Quali elementi attirano i turisti cinesi verso queste mete?

L’attrattiva delle destinazioni balneari nel sud-est asiatico risiede, in primis, nella breve distanza che le separa dalla Cina. Inoltre, il costo della vita generalmente inferiore in questi paesi e il vantaggioso tasso di cambio del RMB nei confronti della valuta indonesiana, vietnamita e thai, rende queste mete convenienti anche dal punto di vista economico. Un ulteriore elemento di vantaggio è costituito dall’adattamento alle esigenze del turista, in particolar modo in riferimento all’utilizzo di supporti digitali propri dell’ecosistema cinese. I merchants locali, infatti, sono attrezzati per accettare pagamenti attraverso i sistemi digitali WeChat Pay e Alipay, eliminando quindi la necessità di cambiare denaro, utilizzare contanti o carte di credito per gli acquisti.

Quale ruolo per lo storytelling?

Oltre alle facilitazioni pratiche, in termini di distanza, cambio e strumenti digitali, lo storytelling può determinare il successo delle destinazioni balneari e insulari tra i turisti cinesi. Il report 2019 della divisione Asia di ITB (l’ente organizzatore della Fiera del Turismo di Berlino), mostra un trend di crescente popolarità per il turismo insulare dalla Cina, diretto verso mete quali Kos, Madagascar, Seychelles, Sri Lanka e Tahiti. La crescita, stimata nel 2019 in un CAGR del 30-35% per i successivi tre anni, e necessariamente interrotta dall’emergenza Covid, è dovuta a due fattori principali: politiche di semplificazione o annullamento della richiesta di visto, e rappresentazione mediatica delle destinazioni. La rappresentazione delle isole su media tradizionali e social media come luoghi in cui sfuggire alla frenesia della vita nei centri urbani assume la funzione di traino nello sviluppo di questi mercati. Allo stesso modo, analizzando contenuti social, è emersa l’importanza del concetto di privacy, collegato a quello di romanticismo, per coloro che visitano destinazioni insulari. Si delinea un quadro per cui i turisti che sceglieranno queste destinazioni saranno giovani, desiderosi di godere di un periodo di relax e privacy. Proprio in virtù della giovane età dei turisti, la modalità di viaggio tenderà ad essere in coppia, o in piccoli gruppi, alla ricerca di un’esperienza autentica e personalizzata. Da qui, l’affiancamento ad itinerari esclusivamente balneari, di esperienze esclusive e ed esotiche come trekking sulle pareti dei vulcani del Madagascar, whale-watching in Sri Lanka e escursioni nelle foreste di Tahiti.
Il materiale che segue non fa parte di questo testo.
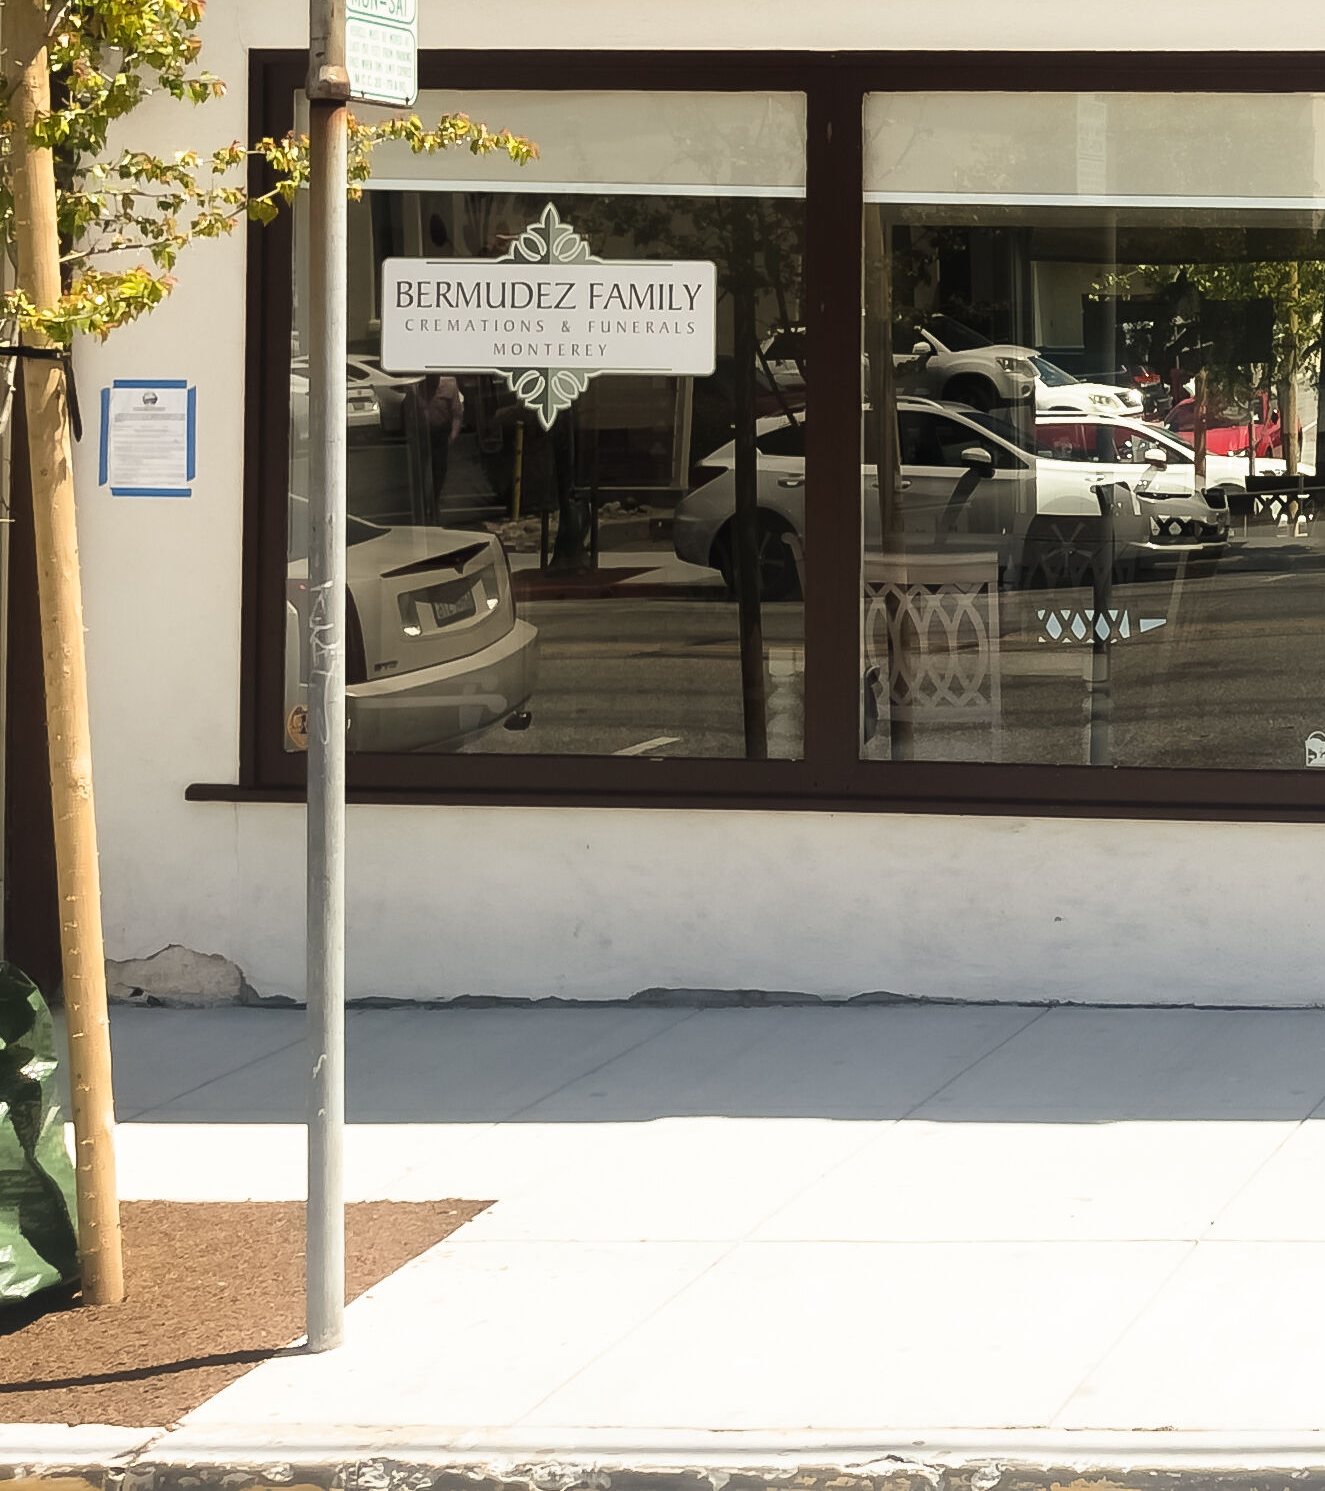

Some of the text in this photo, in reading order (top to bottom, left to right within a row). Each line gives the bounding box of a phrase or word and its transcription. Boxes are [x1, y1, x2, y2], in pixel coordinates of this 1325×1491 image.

[395, 280, 704, 311] BERMUDEZ FAMILY
[404, 318, 697, 335] CREMATIONS & FUNERALS
[493, 342, 608, 357] MONTEREY
Considerati gli elementi che influenzano i turisti cinesi nella scelta di destinazioni balneari e insulari, le magnifiche località italiane come potranno adattarsi a questo target?
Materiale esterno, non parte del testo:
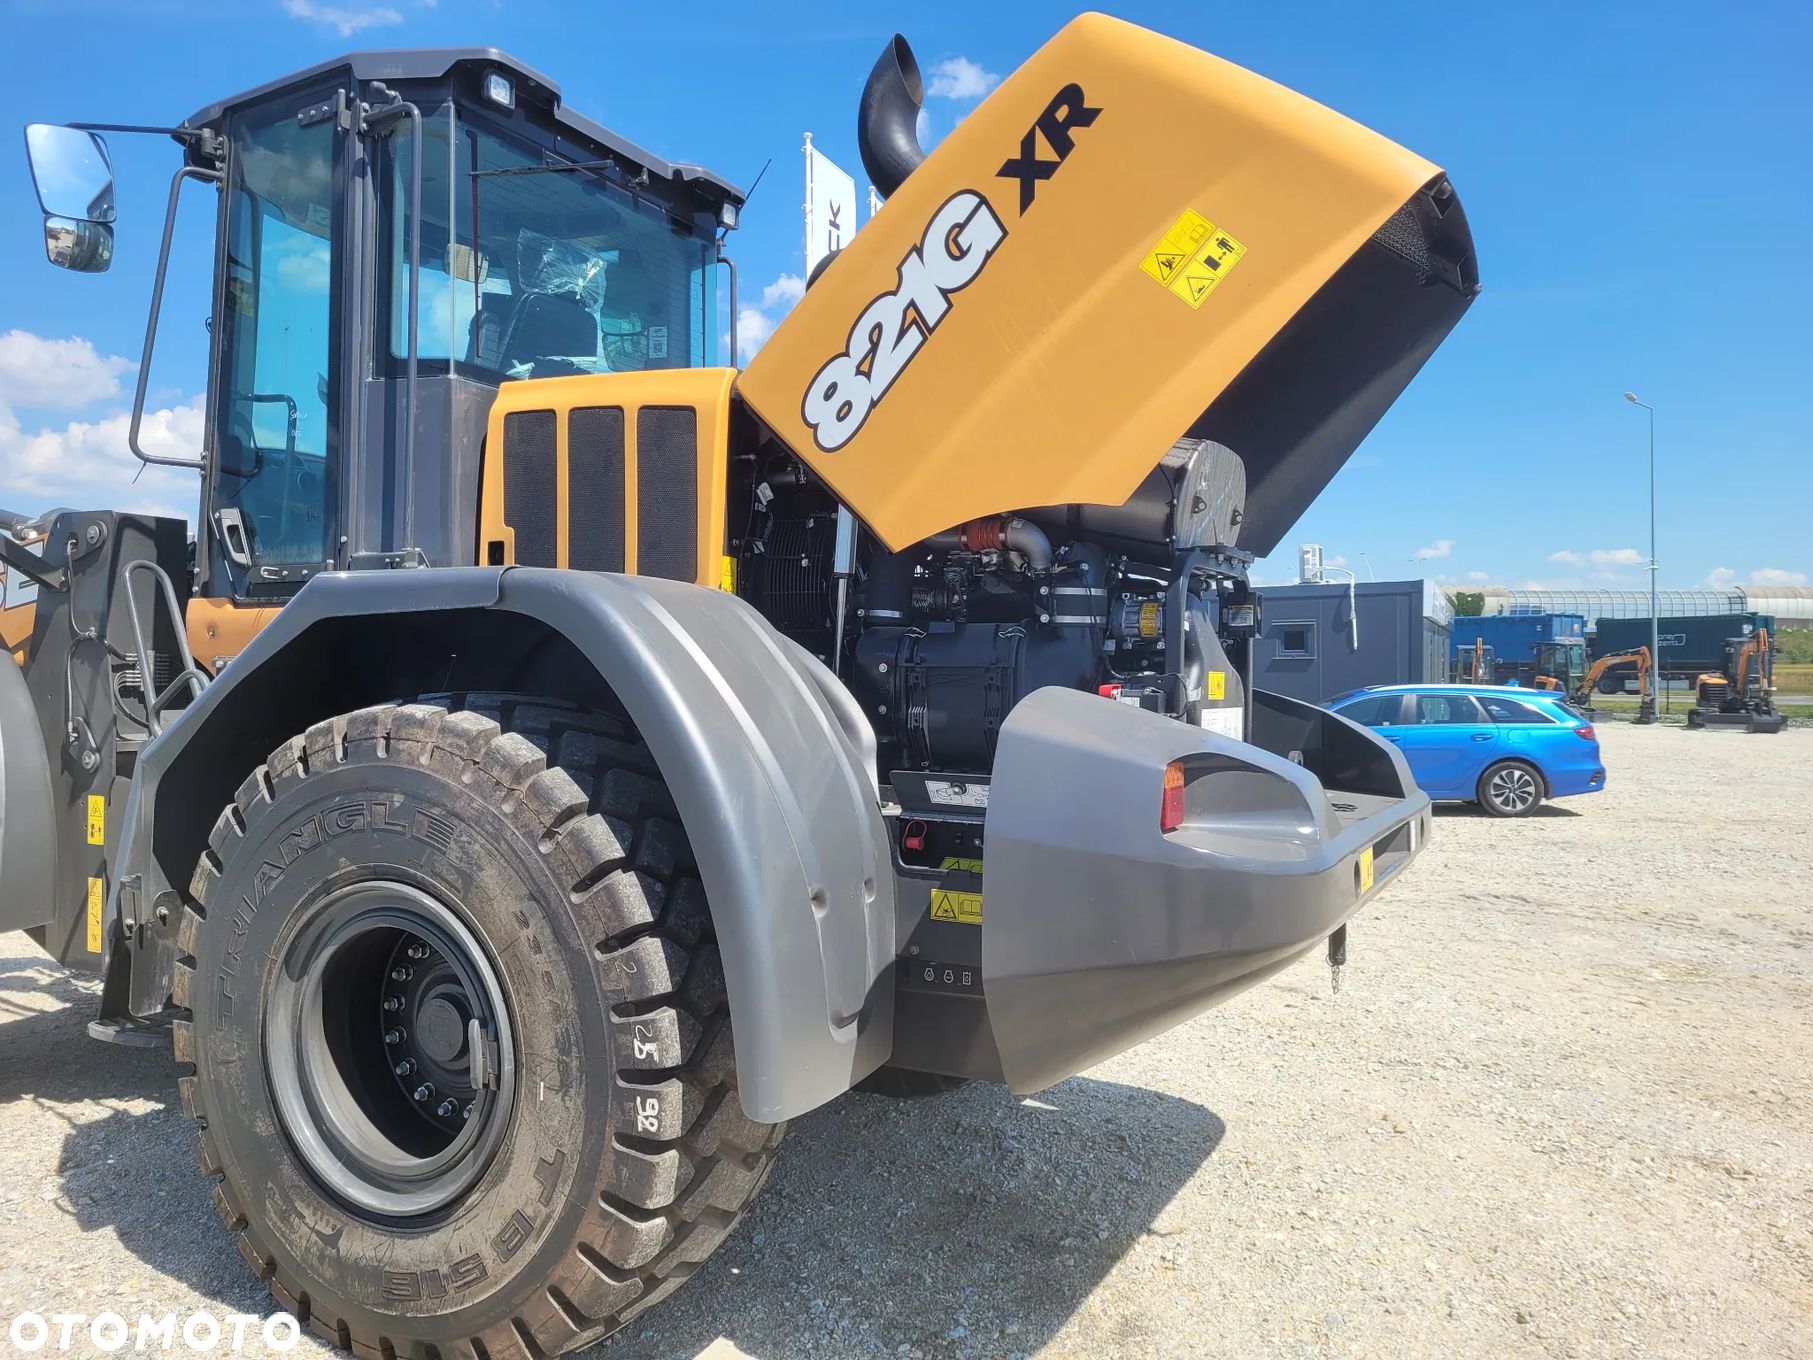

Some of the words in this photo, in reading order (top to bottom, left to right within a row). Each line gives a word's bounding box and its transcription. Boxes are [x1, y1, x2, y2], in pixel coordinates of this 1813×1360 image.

[801, 188, 1009, 453] 821G
[996, 83, 1104, 218] XR
[216, 800, 456, 1031] TRIANGLE
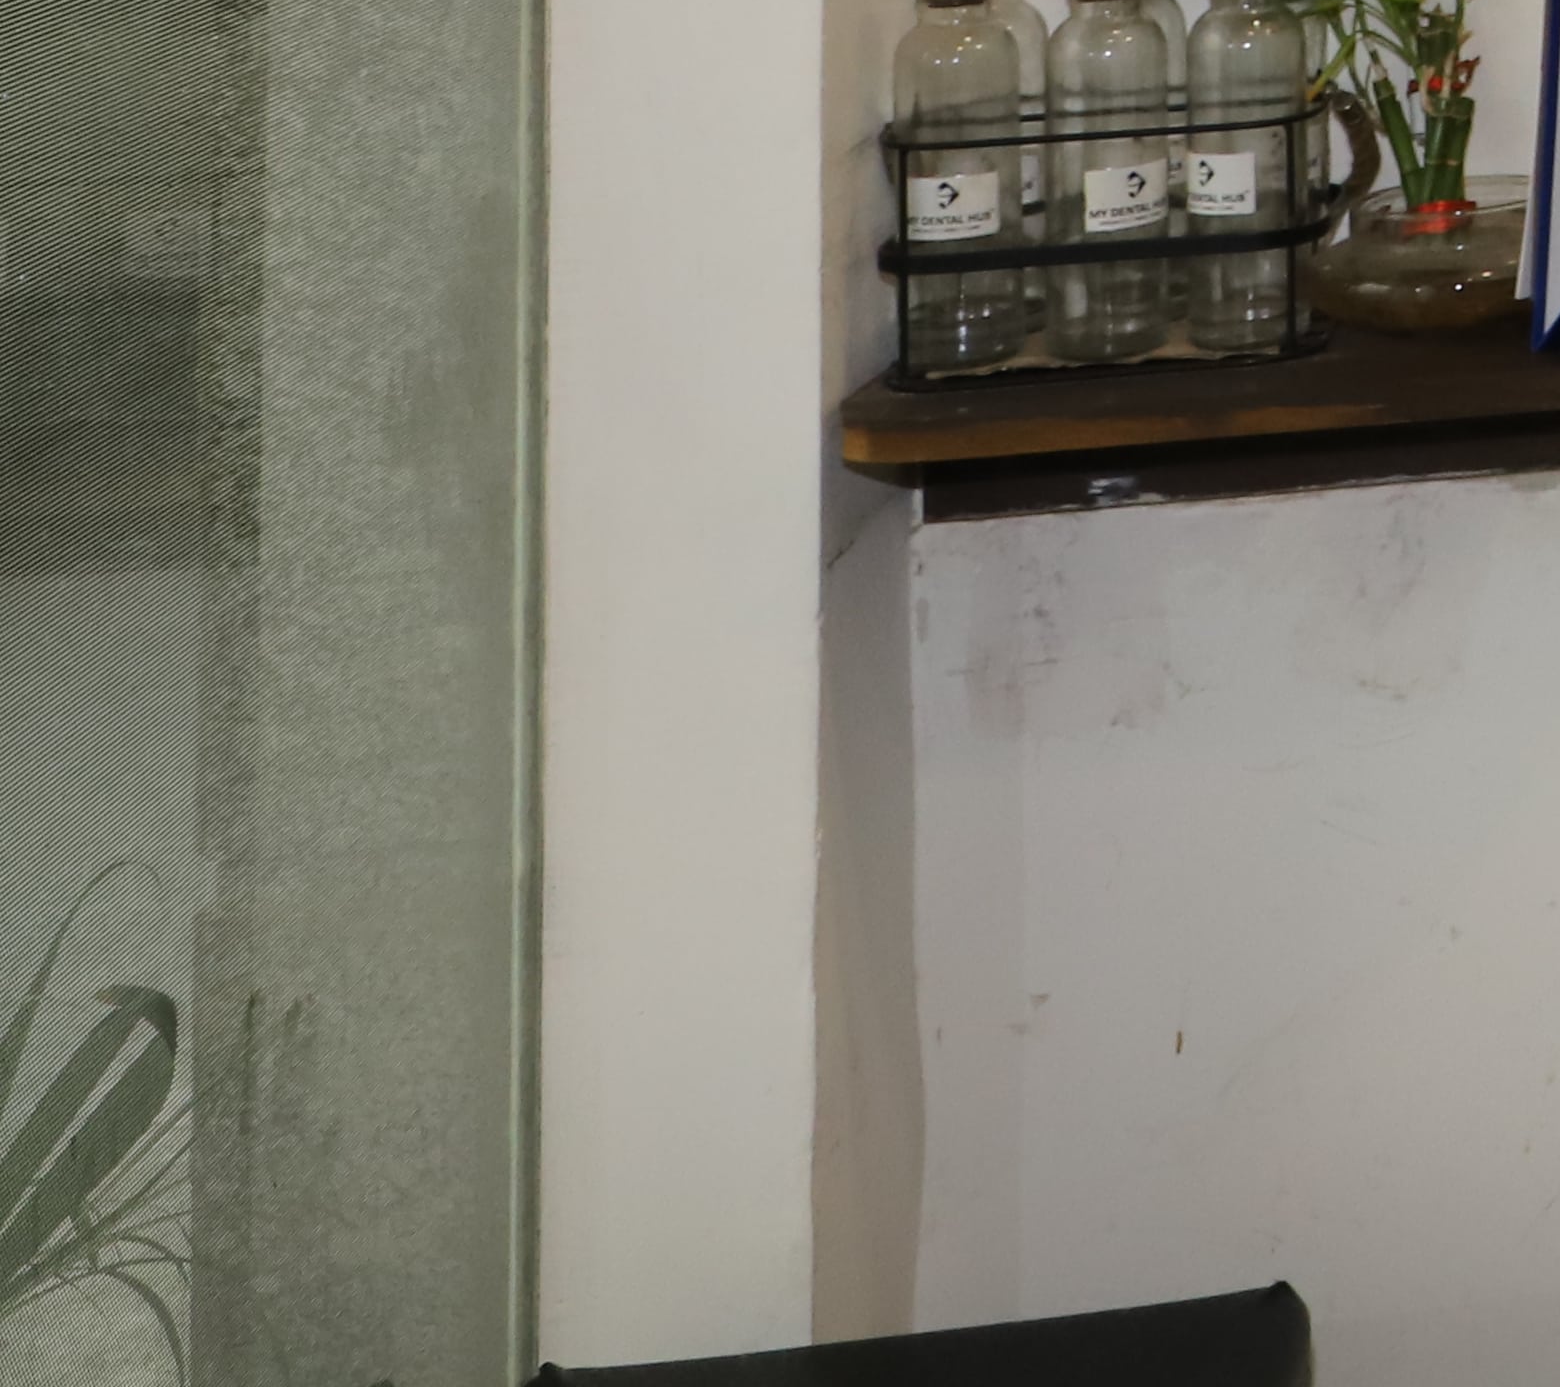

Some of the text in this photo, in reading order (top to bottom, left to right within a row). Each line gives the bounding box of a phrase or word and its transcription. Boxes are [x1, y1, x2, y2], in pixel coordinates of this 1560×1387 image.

[1221, 193, 1246, 203] HUB
[921, 211, 991, 226] DENTAL HUB
[1089, 207, 1107, 219] MY
[1110, 203, 1150, 217] DENTAL
Non potendo intervenire su fattori quali distanza, tasso di cambio o semplificazione delle procedure burocratiche, l’attività si dovrà concentrare sulla rimodulazione dell’offerta e sulla sua presentazione in formato digitale. In particolare, un’attenzione verso il turismo esperienziale, e l’utilizzo di strumenti di informazione e pagamento familiari al il target porteranno valore aggiunto alle destinazioni balneari e insulari del nostro paese.